**DATA FOR THIS EXERCISE:**

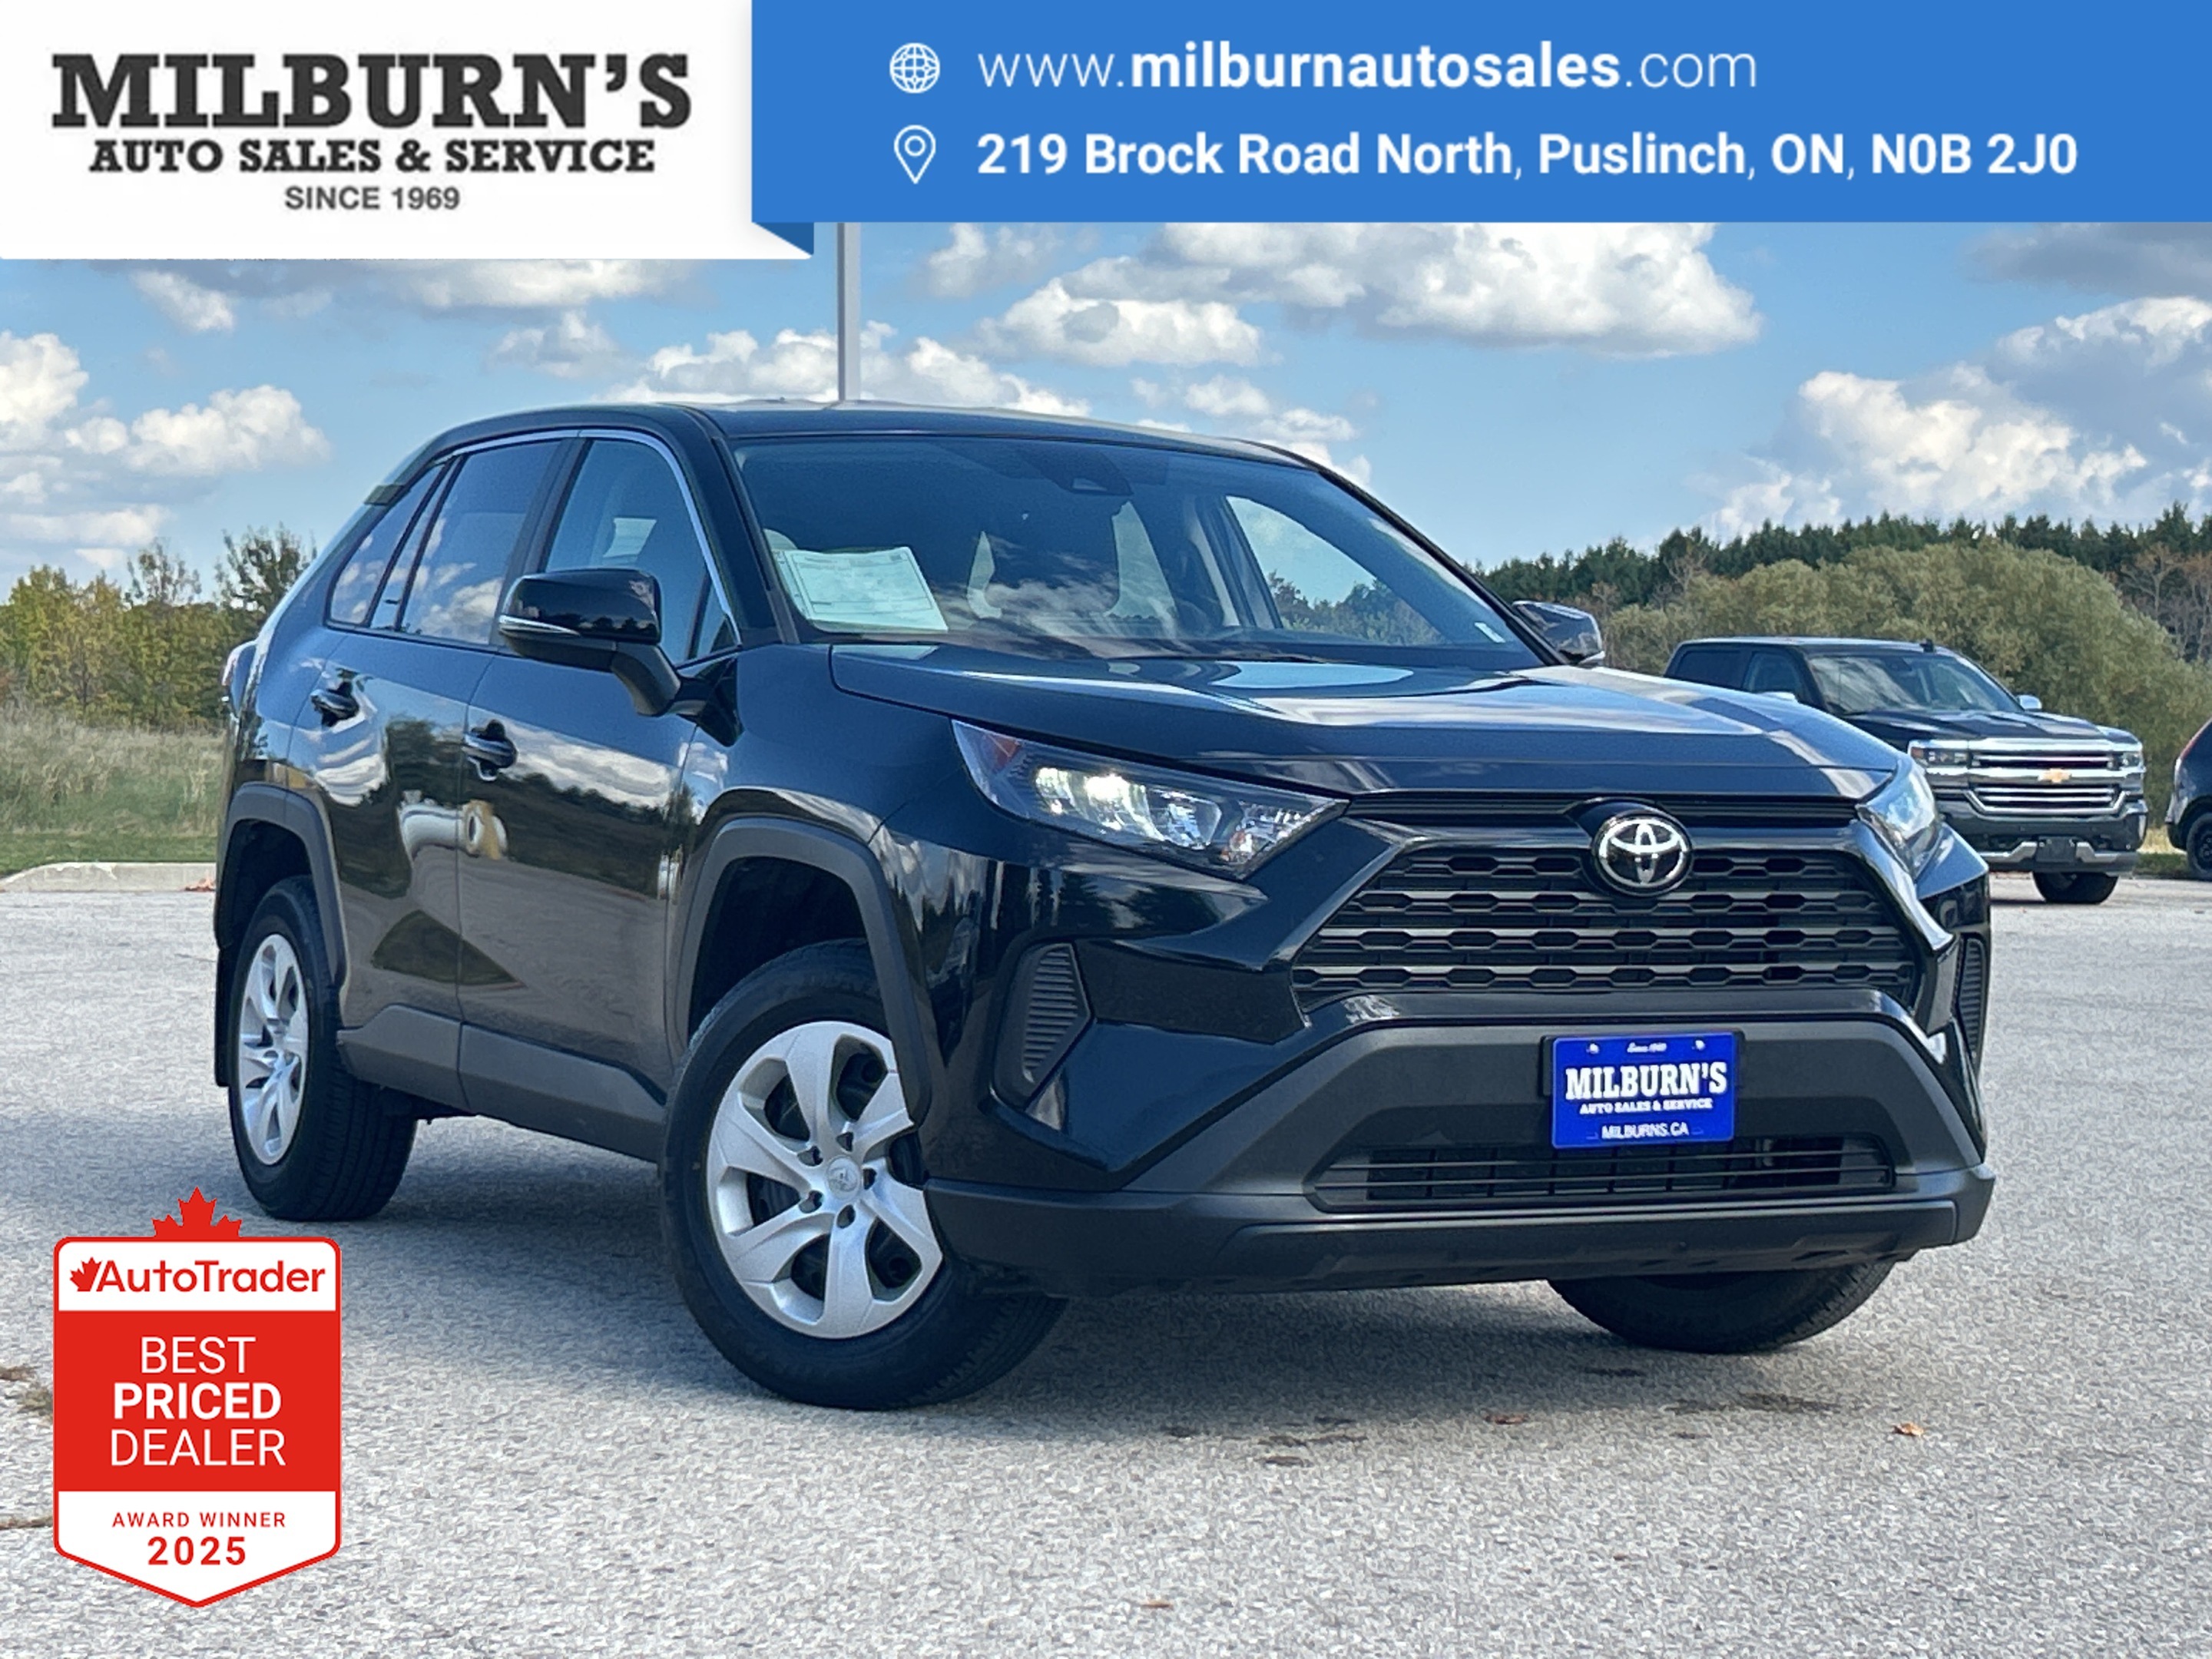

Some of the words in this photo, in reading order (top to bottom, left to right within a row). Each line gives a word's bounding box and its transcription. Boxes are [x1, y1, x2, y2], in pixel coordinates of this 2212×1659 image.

[1565, 1061, 1727, 1100] MILBURN'S
[1579, 1102, 1613, 1114] AUTO
[1614, 1101, 1651, 1113] SALES
[1653, 1101, 1661, 1111] &
[1663, 1098, 1713, 1111] SERVICE
[1601, 1122, 1689, 1139] MILBURNS.CA

**TASK PROMPT:**
Where a record above holds a picture, drop the picture and print the rest exactly.

**SOLUTION FOR THIS PROBLEM:**
Some of the words in this photo, in reading order (top to bottom, left to right within a row). Each line gives a word's bounding box and its transcription. Boxes are [x1, y1, x2, y2], in pixel coordinates of this 2212×1659 image.

[1565, 1061, 1727, 1100] MILBURN'S
[1579, 1102, 1613, 1114] AUTO
[1614, 1101, 1651, 1113] SALES
[1653, 1101, 1661, 1111] &
[1663, 1098, 1713, 1111] SERVICE
[1601, 1122, 1689, 1139] MILBURNS.CA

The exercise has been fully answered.